___ SOURCE DATA ___

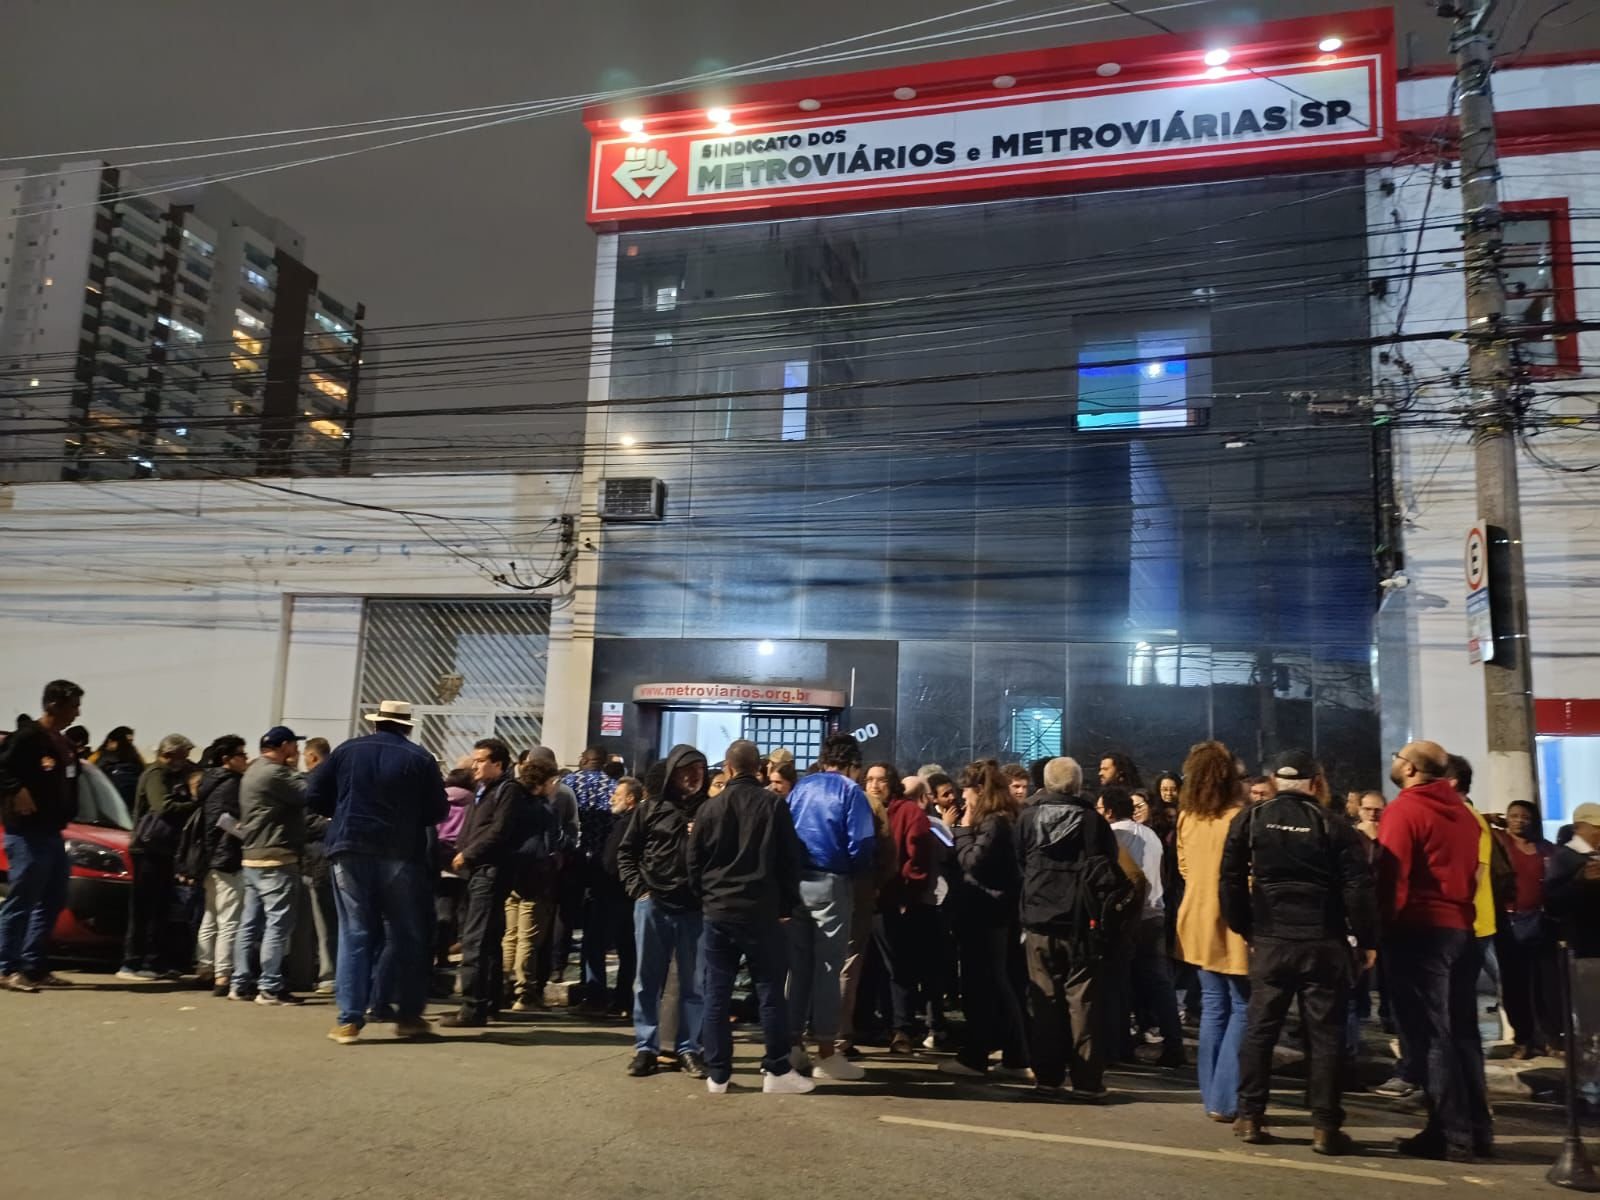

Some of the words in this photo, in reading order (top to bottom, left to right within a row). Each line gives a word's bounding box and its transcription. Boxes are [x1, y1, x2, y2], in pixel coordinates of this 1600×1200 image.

[697, 142, 955, 191] METROVIÁRIOS
[967, 146, 980, 161] e
[992, 106, 1287, 159] METROVIÁRIAS
[701, 134, 801, 158] SINDICATO
[807, 129, 847, 146] DOS
[640, 684, 811, 703] www.metroviarios.org.br
[849, 723, 879, 743] 00
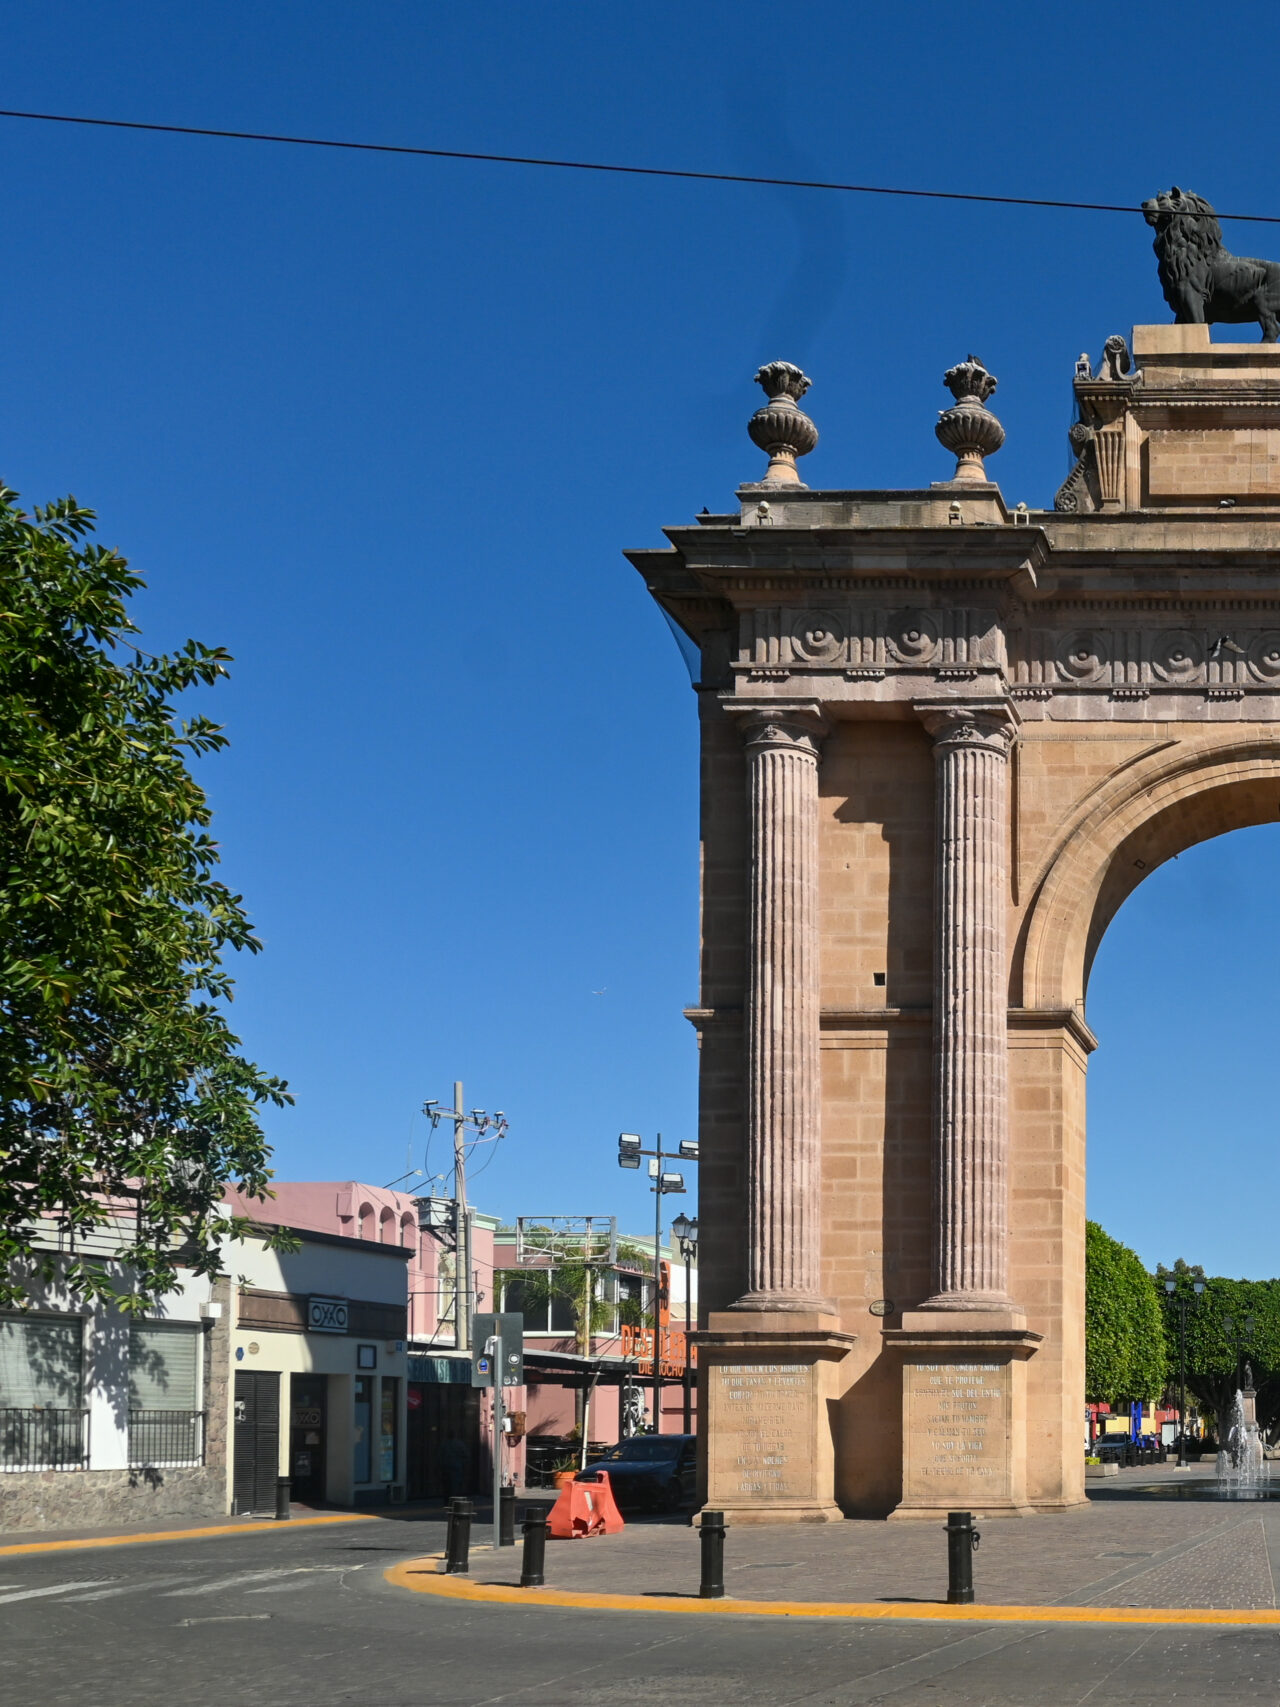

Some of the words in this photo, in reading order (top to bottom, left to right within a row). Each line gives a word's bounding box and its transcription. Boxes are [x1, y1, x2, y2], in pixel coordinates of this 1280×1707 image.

[311, 1304, 347, 1327] OXXO
[621, 1324, 698, 1361] DESTILERA
[638, 1360, 684, 1377] DIEIOCHO
[294, 1412, 320, 1425] XXO

___

* WORK TO BE COMPLETED
Pictures in the records must not appear in the copy; transcribe everything else precisely.

* OUTPUT OF THE EXERCISE
Some of the words in this photo, in reading order (top to bottom, left to right within a row). Each line gives a word's bounding box and its transcription. Boxes are [x1, y1, x2, y2], in pixel coordinates of this 1600×1200 image.

[697, 142, 955, 191] METROVIÁRIOS
[967, 146, 980, 161] e
[992, 106, 1287, 159] METROVIÁRIAS
[701, 134, 801, 158] SINDICATO
[807, 129, 847, 146] DOS
[640, 684, 811, 703] www.metroviarios.org.br
[849, 723, 879, 743] 00

Some of the words in this photo, in reading order (top to bottom, left to right within a row). Each line gives a word's bounding box and its transcription. Boxes are [x1, y1, x2, y2], in pixel coordinates of this 1280×1707 image.

[311, 1304, 347, 1327] OXXO
[621, 1324, 698, 1361] DESTILERA
[638, 1360, 684, 1377] DIEIOCHO
[294, 1412, 320, 1425] XXO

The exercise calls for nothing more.